━━━ Input records ━━━

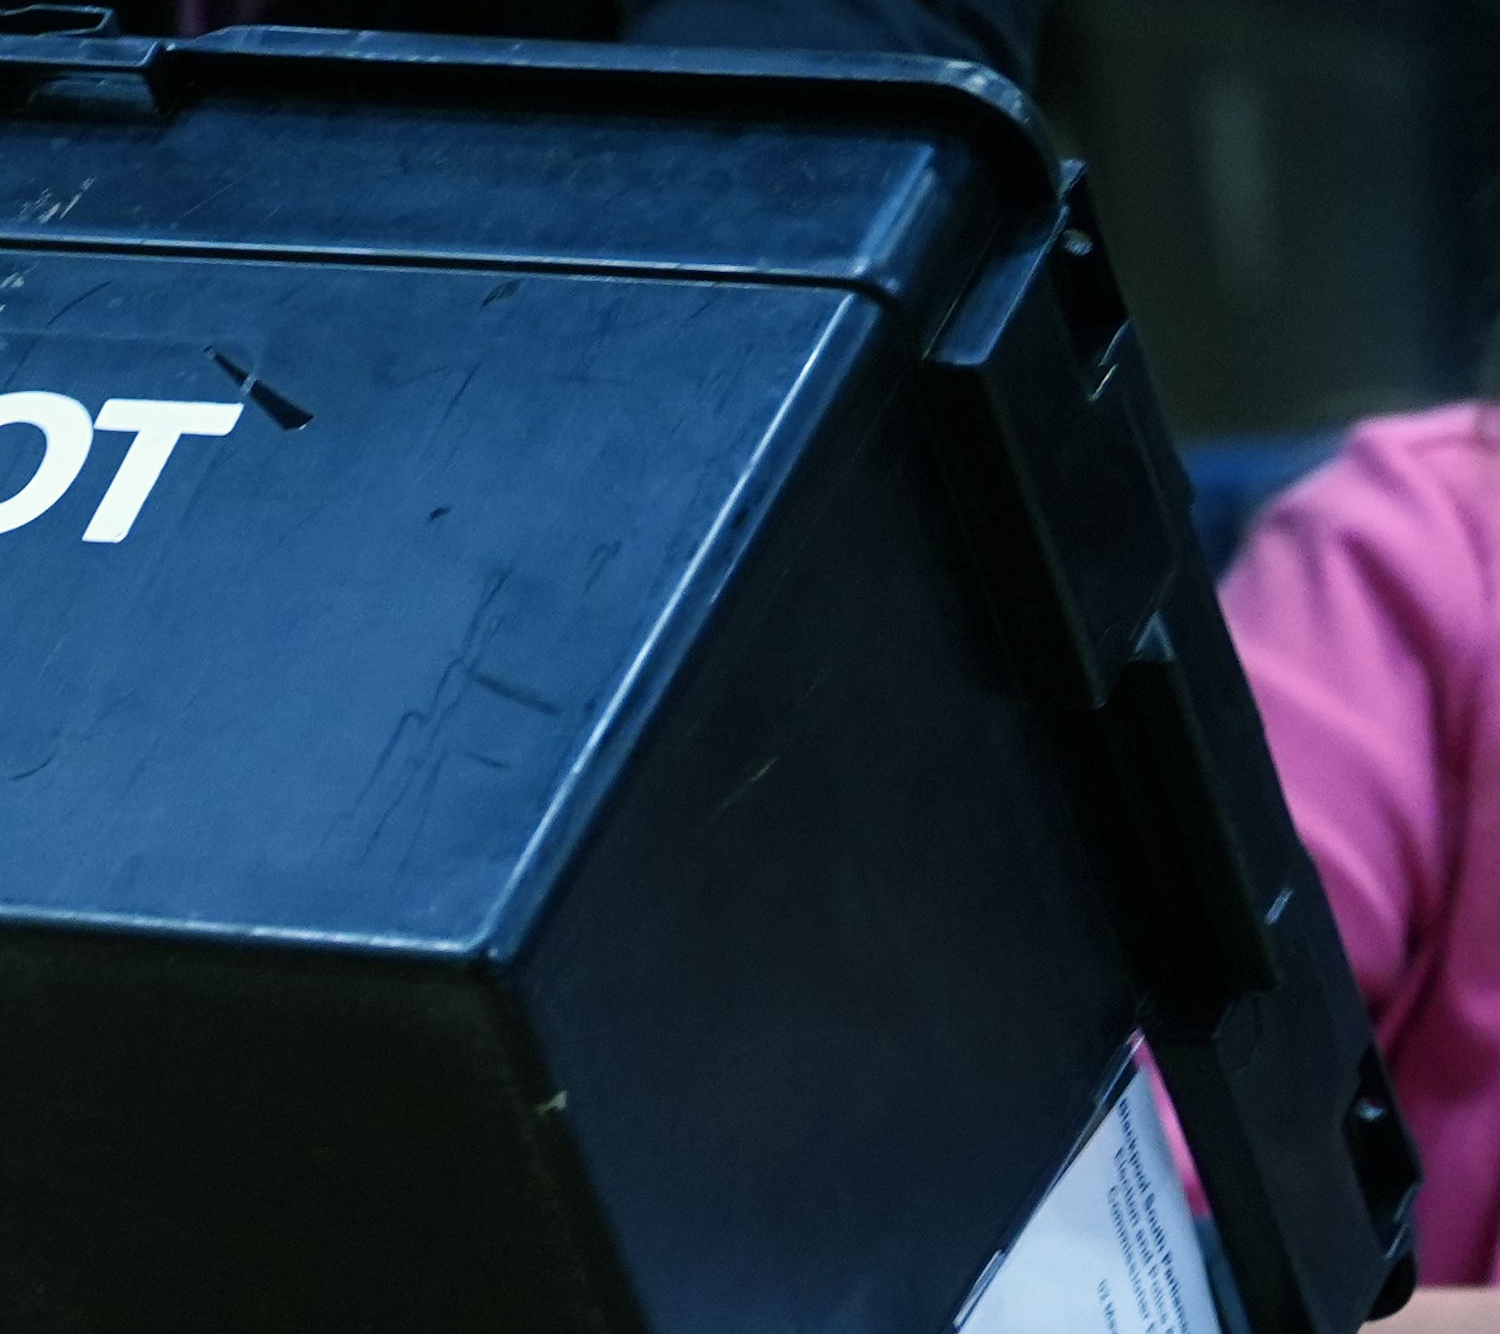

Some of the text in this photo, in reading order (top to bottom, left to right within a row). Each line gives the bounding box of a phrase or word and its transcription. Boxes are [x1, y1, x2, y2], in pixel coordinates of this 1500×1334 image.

[1107, 1185, 1150, 1320] Commissioner
[1114, 1147, 1140, 1227] Election
[1135, 1229, 1154, 1266] and
[1147, 1264, 1168, 1325] Police
[1119, 1098, 1150, 1194] Blackpool
[1143, 1193, 1165, 1253] South
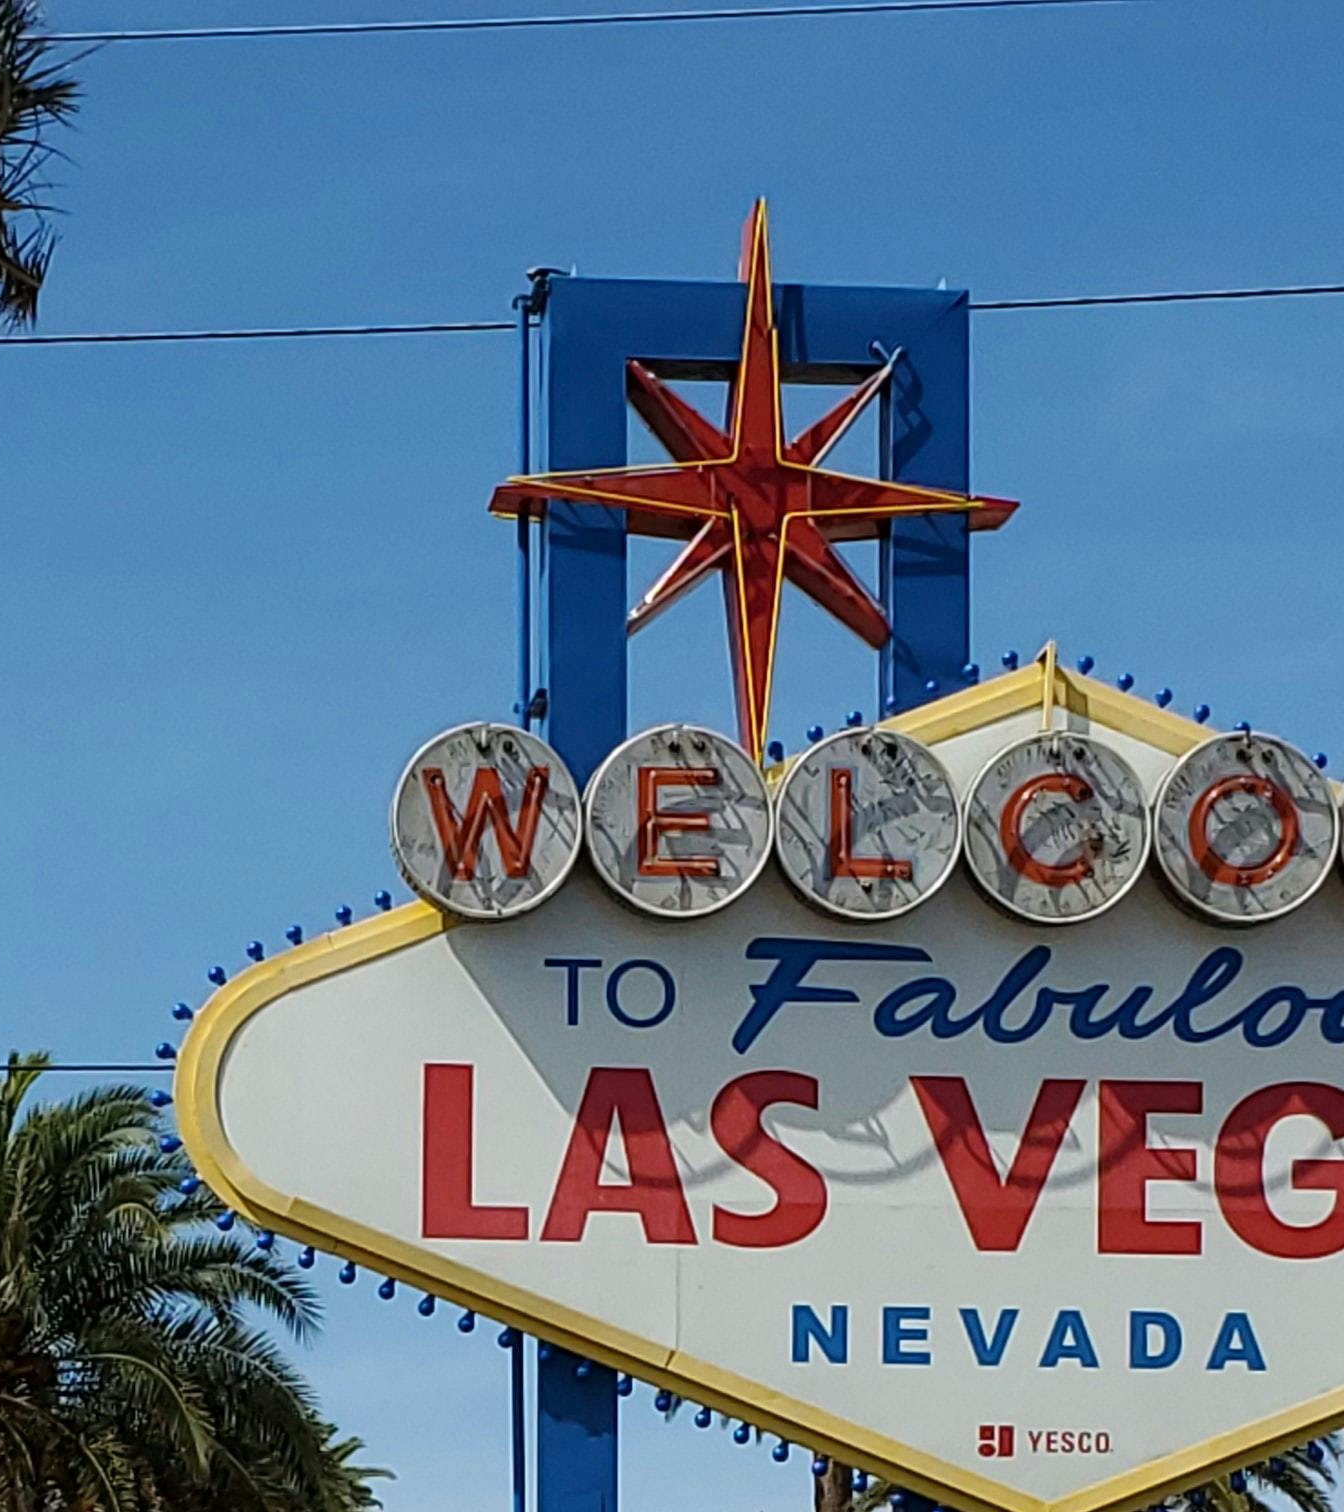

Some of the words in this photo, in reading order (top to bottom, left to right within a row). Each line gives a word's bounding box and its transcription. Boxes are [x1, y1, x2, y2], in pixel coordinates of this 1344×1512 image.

[545, 957, 676, 1028] TO
[423, 1064, 827, 1247] LAS
[793, 1304, 1266, 1371] NEVADA
[1027, 1430, 1111, 1454] YESCO
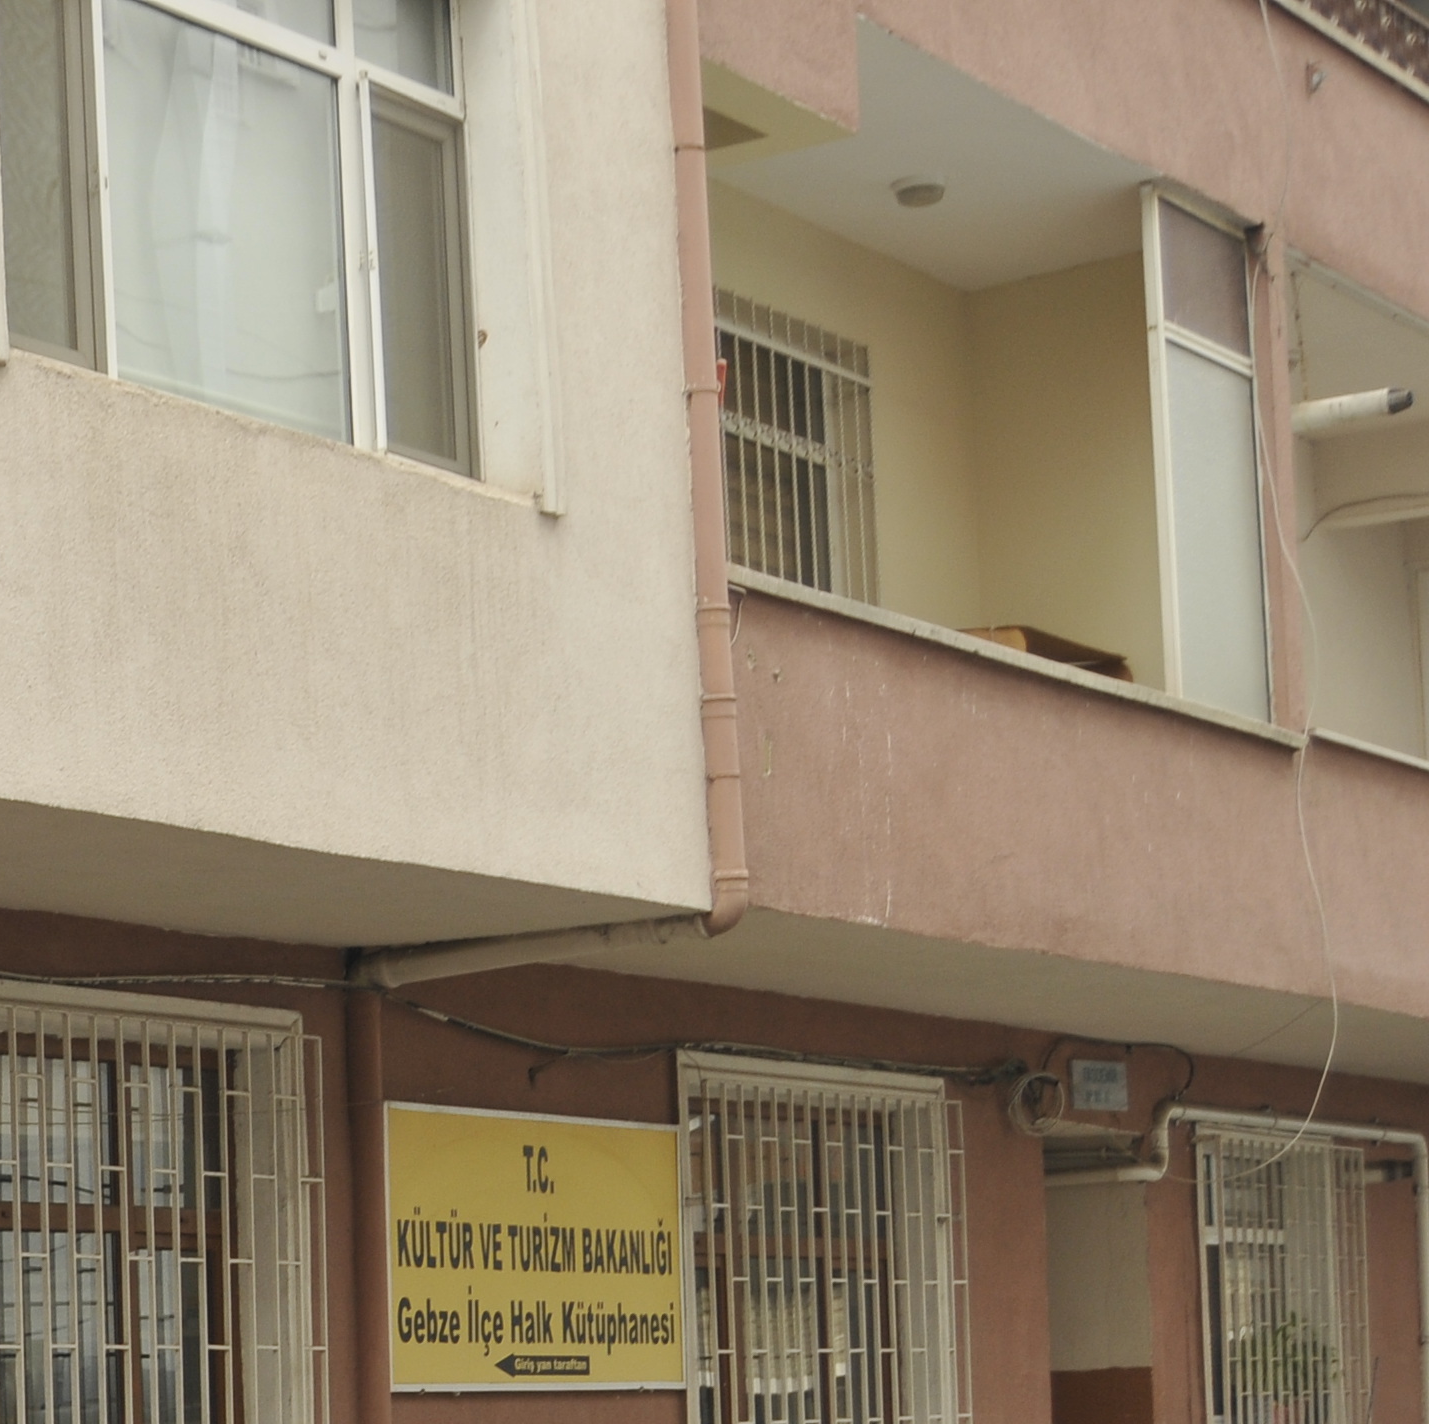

━━━

Work required —
The copy should hold every entry above word for word and none of the pictures.

Answer section —
Some of the text in this photo, in reading order (top to bottom, left to right within a row). Each line gives the bounding box of a phrase or word and its transcription. Boxes are [x1, y1, x2, y2], in pixel coordinates of this 1500×1334 image.

[1107, 1185, 1150, 1320] Commissioner
[1114, 1147, 1140, 1227] Election
[1135, 1229, 1154, 1266] and
[1147, 1264, 1168, 1325] Police
[1119, 1098, 1150, 1194] Blackpool
[1143, 1193, 1165, 1253] South

Some of the words in this photo, in reading order (top to bottom, left to right within a row). Each line gives a word's bounding box and its transcription. Boxes are [x1, y1, x2, y2], in pixel coordinates of this 1344×1512 image.

[545, 957, 676, 1028] TO
[423, 1064, 827, 1247] LAS
[793, 1304, 1266, 1371] NEVADA
[1027, 1430, 1111, 1454] YESCO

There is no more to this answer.